By | Wednesday, August 24, 2022 Leave a Comment
Pictured here are two of the earliest comic strip reprint books that I ever owned: Garfield Bigger Than Life from 1981 and Heathcliff Does It Again! from 1982. I don't recall exactly, but I suspect they both came from those Scholastic book fairs that would occasionally happen in our school. You'll notice, of course, that the two books are formatted differently; the Garfield book is more horizontal closely matching the strip's format, while Heathcliff's is more vertical to accompany the more vertically oriented strip. Although the Heathcliff strip itself isn't quite as vertical as the book it's presented in, I can understand that a publisher might want to use the same dimensions that many other paperbacks they published were already using.

But here's my question: when did publishers start using the more horizontal format?

If you're familiar with strip reprint books from just a few years earlier than these, you might recall that they pretty much all looked about the same size as the Heathcliff book. Regardless of the strip's format, publishers would pay someone to basically cut up the comic strips (probably photostats, not the originals) and reposition all of the panels so that they worked for the vertical layout. Here are two more reprint books I have from 1965 and '68...

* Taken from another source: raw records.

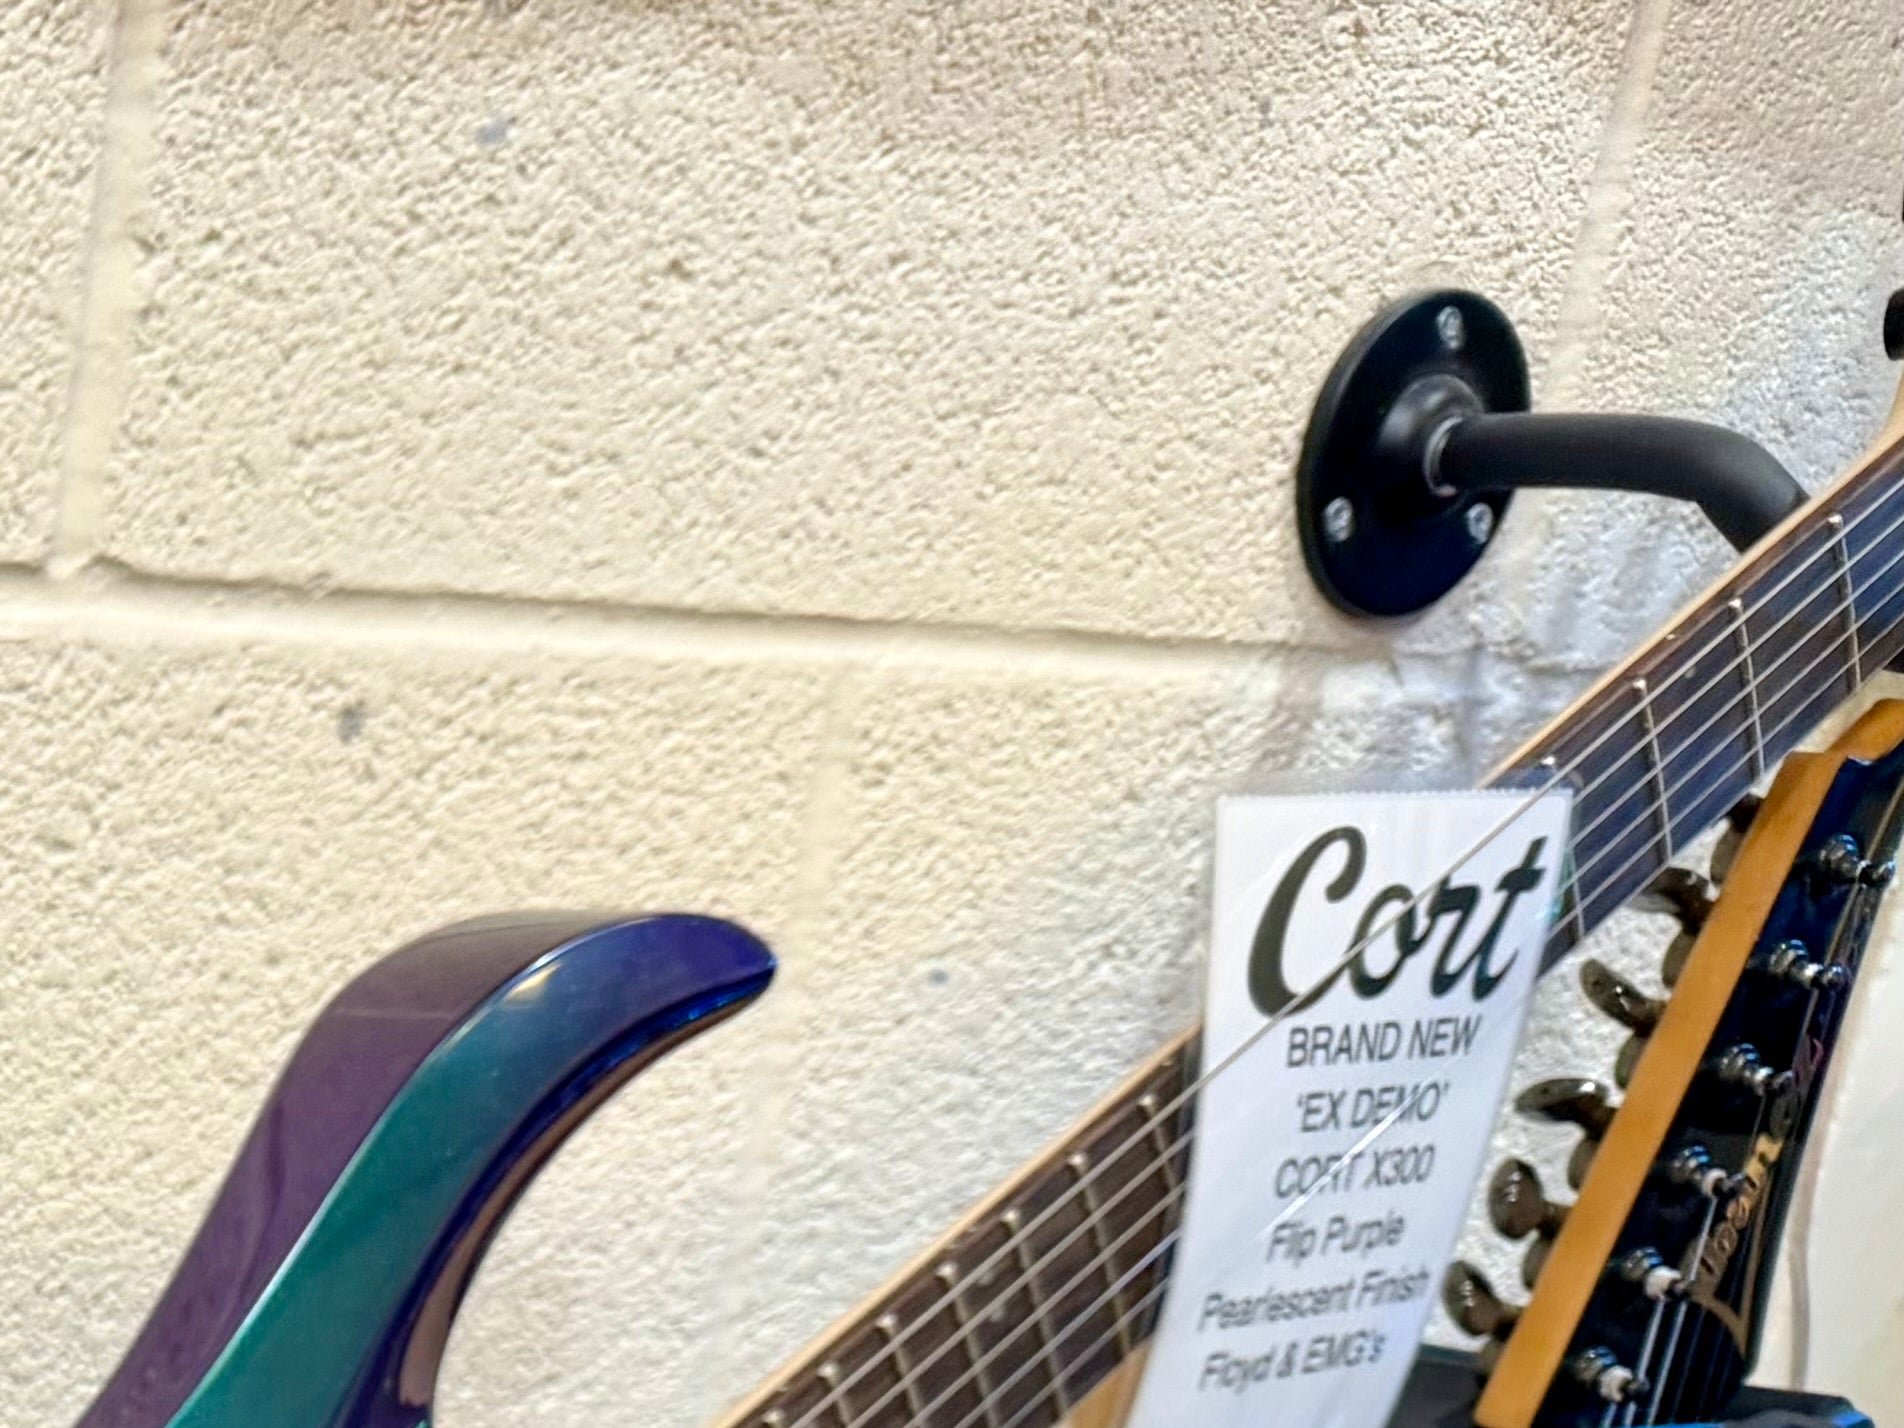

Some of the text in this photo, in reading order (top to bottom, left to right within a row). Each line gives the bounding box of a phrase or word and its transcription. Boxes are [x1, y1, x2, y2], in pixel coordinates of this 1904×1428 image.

[1247, 825, 1548, 1019] Cort
[1286, 1013, 1483, 1069] BRAND NEW
[1275, 1144, 1436, 1199] CORT X300
[1266, 1209, 1405, 1266] Flip Purple
[1198, 1265, 1430, 1333] Pearlescent Finish
[1198, 1344, 1276, 1393] Floyd
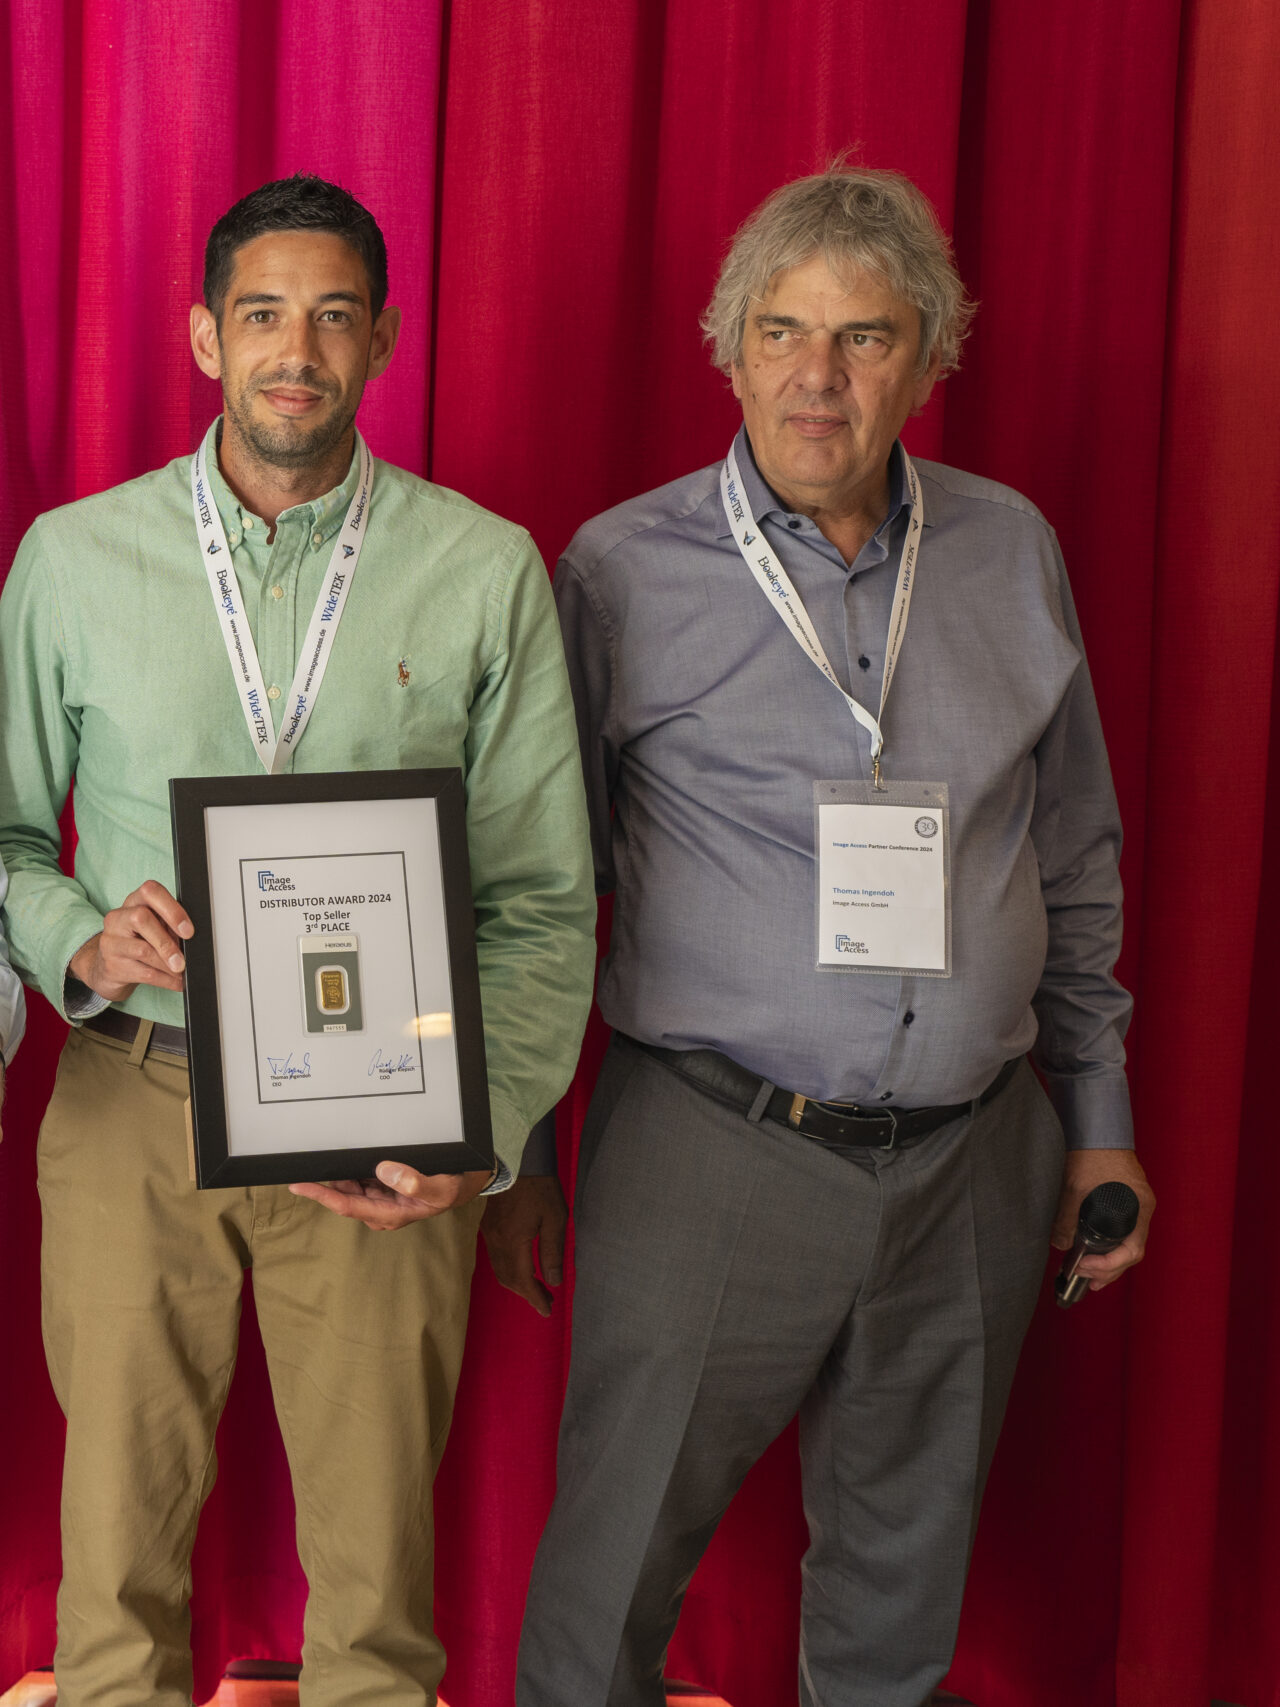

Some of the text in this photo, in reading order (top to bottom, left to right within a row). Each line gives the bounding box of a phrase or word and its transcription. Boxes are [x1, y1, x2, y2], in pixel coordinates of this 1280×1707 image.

[726, 480, 745, 522] WideTEK
[758, 556, 789, 599] Bookeye
[195, 479, 269, 745] WideTEK Bookeye www.imageaccess.de WideTEK
[283, 694, 307, 744] Bookeye
[304, 629, 326, 692] www.imageaccess.de
[321, 571, 346, 622] WideTEK
[920, 822, 934, 832] 30
[264, 877, 291, 885] Image
[268, 884, 296, 892] Access
[832, 887, 895, 897] Thomas Ingendoh
[260, 893, 392, 909] DISTRIBUTOR AWARD 2024
[303, 910, 350, 922] Top Seller
[305, 922, 350, 933] 3rd PLACE
[840, 940, 865, 948] Image

The panels of each Peanuts strip have been stacked to form something more square-ish, and then stacked again so there are two strips on each page. The Pogo strips was reconfigured entirely so there are six panels on a page; my understanding was that Walt Kelly himself reworked many of the strips and redrew portions so it fit the format better than his original horizontal layouts. These are hardly unusual; I can recall my father's old reprint books from his college days were all in the more vertical format regardless if they featured Snoopy, Andy Capp, or Captain Klutz. In fact, I never recalled seeing a horizontal strip collection like that before Garfield.

It turns out that it was, in fact, Jim Davis who pioneered the horizontal books! The Wikipedia entry for Garfield at Large reads as follows...
This book introduced the "Garfield Format" to the comic book market. Prior to its publication, comic strip compilations were originally formatted like a standard paperback book with the panels running down the page. Jim Davis, Garfield's author, disliked the idea and coerced Ballantine to print the strips from left to right, as they would have appeared in the newspaper. This resulted in the final product being shorter from top to bottom and much wider from side to side than the average paperback book.
Garfield debuted in newspapers in 1978 and was almost an overnight success and was running in over 800 papers by 1980. So when Ballatine was putting together the first Garfield collection that year, Davis had already amassed a good deal of clout -- already pulling in $15 million in merchandising. That kind of money (especially in 1980 dollars -- it's roughly the equivalent of $45 million today) carries with it a lot of weight, so Davis probably didn't have to do all that much convincing.

Not surprisingly, other strips followed suit and the horizontal format became more common. (Amusingly, I have a later Heathcliff book that uses that format, placing two of the vertical strips side by side so they fit on the wider page.) Although as many books include the larger Sunday strips as well, the precise dimensions of the "Garfield format" have grown appreciably taller. Though the books still remain wider than they are tall.

For as much as Davis is often dismissed as crassly catering to commercialization, I have to give him a lot of props for pushing forward a book format based on a form of artistic integrity!